=== Input data ===

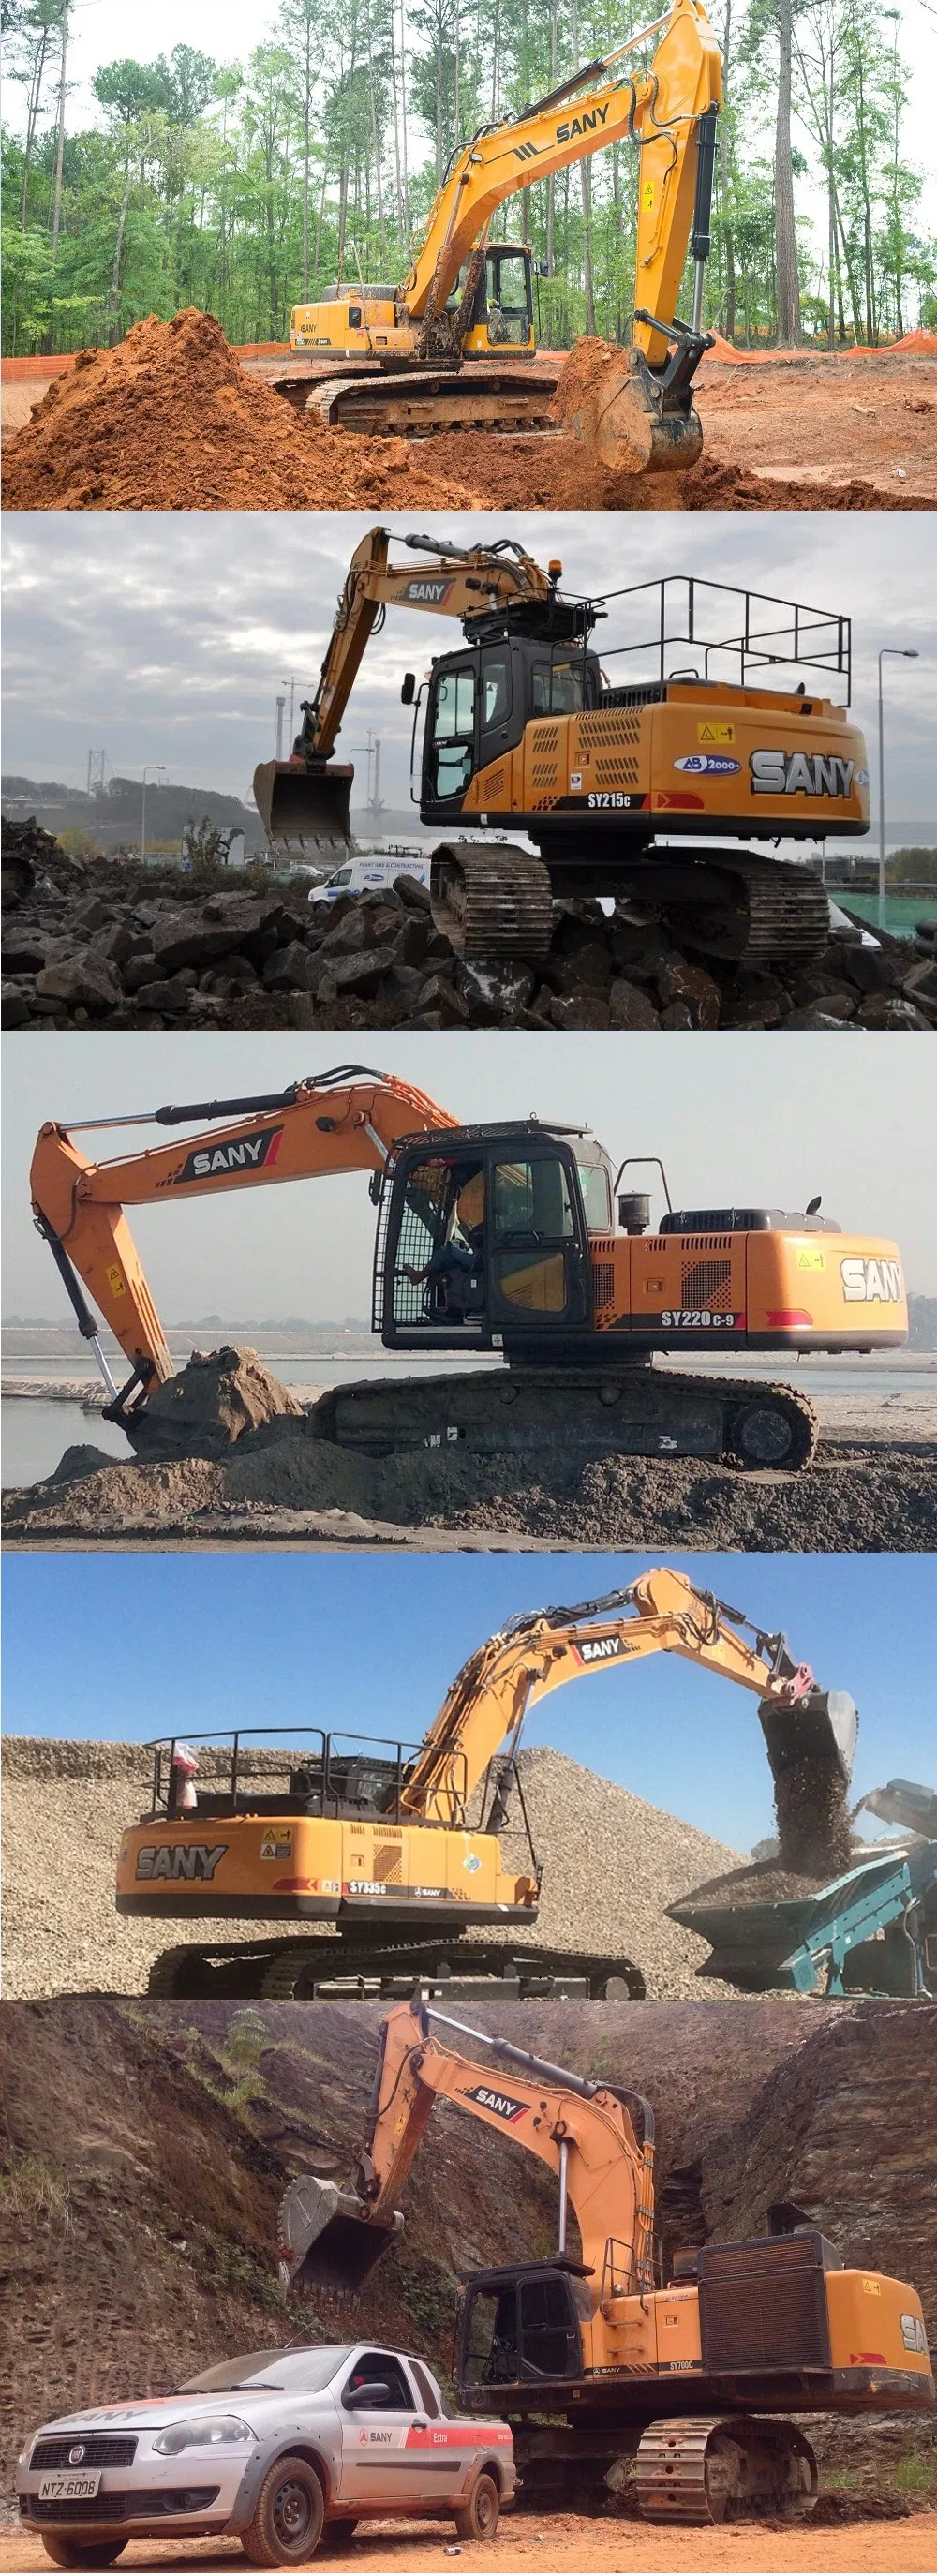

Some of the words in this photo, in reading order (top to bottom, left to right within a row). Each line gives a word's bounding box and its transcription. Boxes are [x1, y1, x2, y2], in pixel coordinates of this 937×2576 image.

[556, 102, 610, 145] SANY
[409, 583, 445, 600] SANY
[682, 757, 702, 769] AB
[708, 759, 735, 769] 2000
[749, 749, 855, 799] SANY
[193, 1139, 263, 1175] SANY
[661, 1310, 711, 1327] SY220
[581, 1638, 620, 1660] SANY
[135, 1845, 229, 1881] SANY
[422, 1888, 441, 1897] SANY
[475, 2089, 517, 2116] SANY
[669, 2360, 693, 2371] SY700C
[370, 2433, 393, 2443] SANY
[433, 2433, 448, 2444] Extra
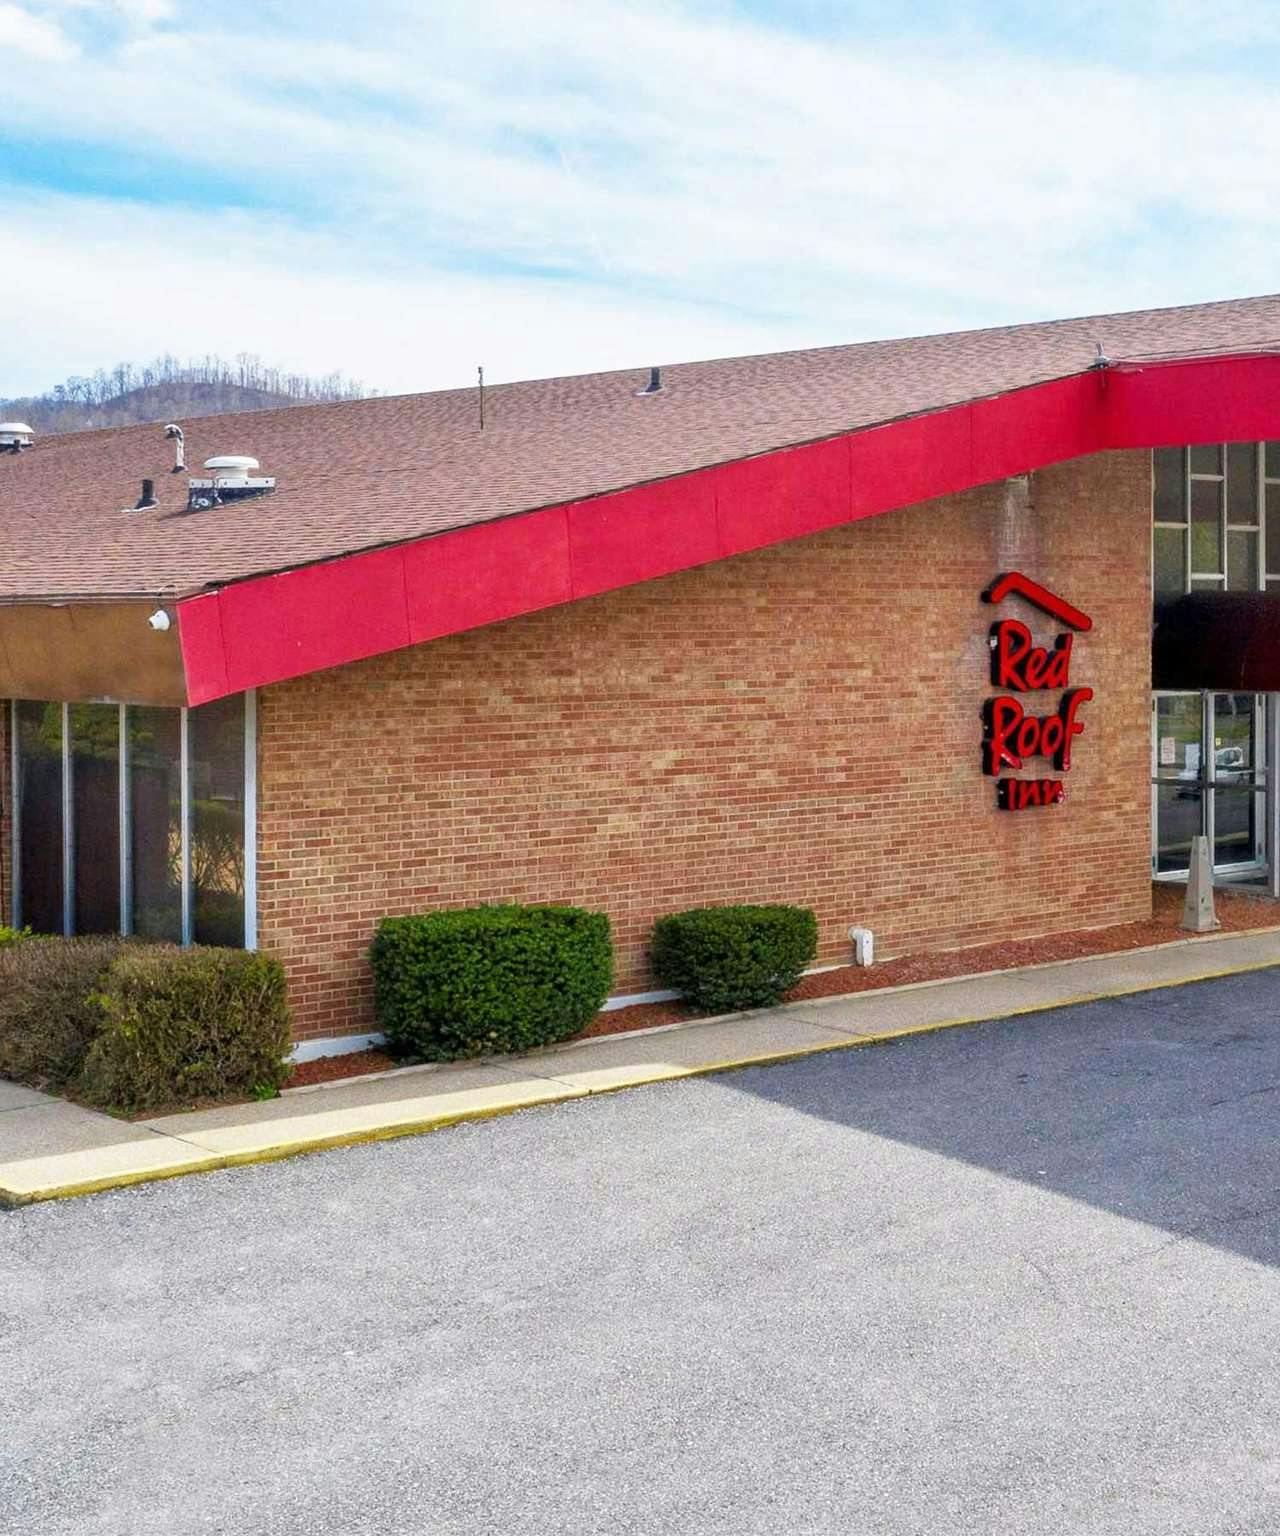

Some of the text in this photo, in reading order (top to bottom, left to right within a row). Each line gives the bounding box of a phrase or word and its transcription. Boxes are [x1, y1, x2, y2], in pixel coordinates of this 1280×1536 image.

===

What the task requires
Return the full listing exactly as written, without any of its images.

Your solution
Some of the words in this photo, in reading order (top to bottom, left to right within a row). Each line gives a word's bounding box and its transcription. Boxes are [x1, y1, x2, y2], in pixel coordinates of this 937×2576 image.

[556, 102, 610, 145] SANY
[409, 583, 445, 600] SANY
[682, 757, 702, 769] AB
[708, 759, 735, 769] 2000
[749, 749, 855, 799] SANY
[193, 1139, 263, 1175] SANY
[661, 1310, 711, 1327] SY220
[581, 1638, 620, 1660] SANY
[135, 1845, 229, 1881] SANY
[422, 1888, 441, 1897] SANY
[475, 2089, 517, 2116] SANY
[669, 2360, 693, 2371] SY700C
[370, 2433, 393, 2443] SANY
[433, 2433, 448, 2444] Extra

Some of the text in this photo, in reading order (top to bottom, left to right within a row). Each line gives the bounding box of a phrase or word and its transcription. Boxes are [x1, y1, x2, y2], in pixel coordinates of this 1280×1536 image.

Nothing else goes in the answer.